ObjectiveThis study aims to establish an optimization procedure to define the cut-offs of quantitative assays for acetylcholine receptor antibody (AChRAb), evaluate their diagnostic performance in myasthenia gravis (MG), and explore the association with clinical features. MethodsSamples from a representative cohort of 77 MG patients, 80 healthy controls (HC) and 80 other autoimmune diseases (OAD) patients were tested using competitive inhibition ELISA and RIA. Raw values (OD and cpm) and processed values (inhibition rate, binding rate and concentration) were used to define the cut-offs with statistical methods, a rough method, and receiver operating characteristic (ROC) curve. Optimal cut-offs were selected by comparing false positive rates in HC and OAD individuals. The diagnostic performance was evaluated in whole MG cohort and subgroups. Agreement between ELISA and RIA for AChRAb positivity were examined with Kappa test and McNemar test. Clinical association with AChRAb was explored by comparison among subgroups and with Spearman rank correlation. ResultsThe optimal cut-offs for AChRAb positivity were determined as OD ≤ 1.79 for ELISA and cpm ≥ 1234.12 for RIA, which derived from statistical method and performed better than those derived from ROC curves. The sensitivity and specificity were 74.03%, 100% for ELISA, and 74.03%, 99.37% for RIA. There was good agreement between ELISA and RIA for AChRAb positivity in whole cohort and subgroups (weighted к ≥ 0.71, p < 0.01; McNemar test, p > 0.05). Levels of AChRAb were different in MG subgroups (p < 0.01).

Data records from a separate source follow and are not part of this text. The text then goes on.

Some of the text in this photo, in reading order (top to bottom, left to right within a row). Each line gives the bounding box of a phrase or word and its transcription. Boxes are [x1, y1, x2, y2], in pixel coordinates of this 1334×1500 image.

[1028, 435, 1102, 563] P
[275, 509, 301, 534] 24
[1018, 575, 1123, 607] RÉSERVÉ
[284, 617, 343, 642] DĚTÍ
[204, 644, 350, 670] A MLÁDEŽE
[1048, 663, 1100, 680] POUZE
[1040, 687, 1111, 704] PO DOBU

Correlation between Quantitative Myasthenia Gravis scores and AChRAb levels was moderate for ELISA and RIA (rs = -0.60 and 0.57, p < 0.01). ConclusionThe raw testing values of ELISA and RIA were found as optimal quantitative measures of AChRAb levels. There are good agreements on diagnostic performance between two assays. Quantitative values are more informative than positivity in association with clinical features.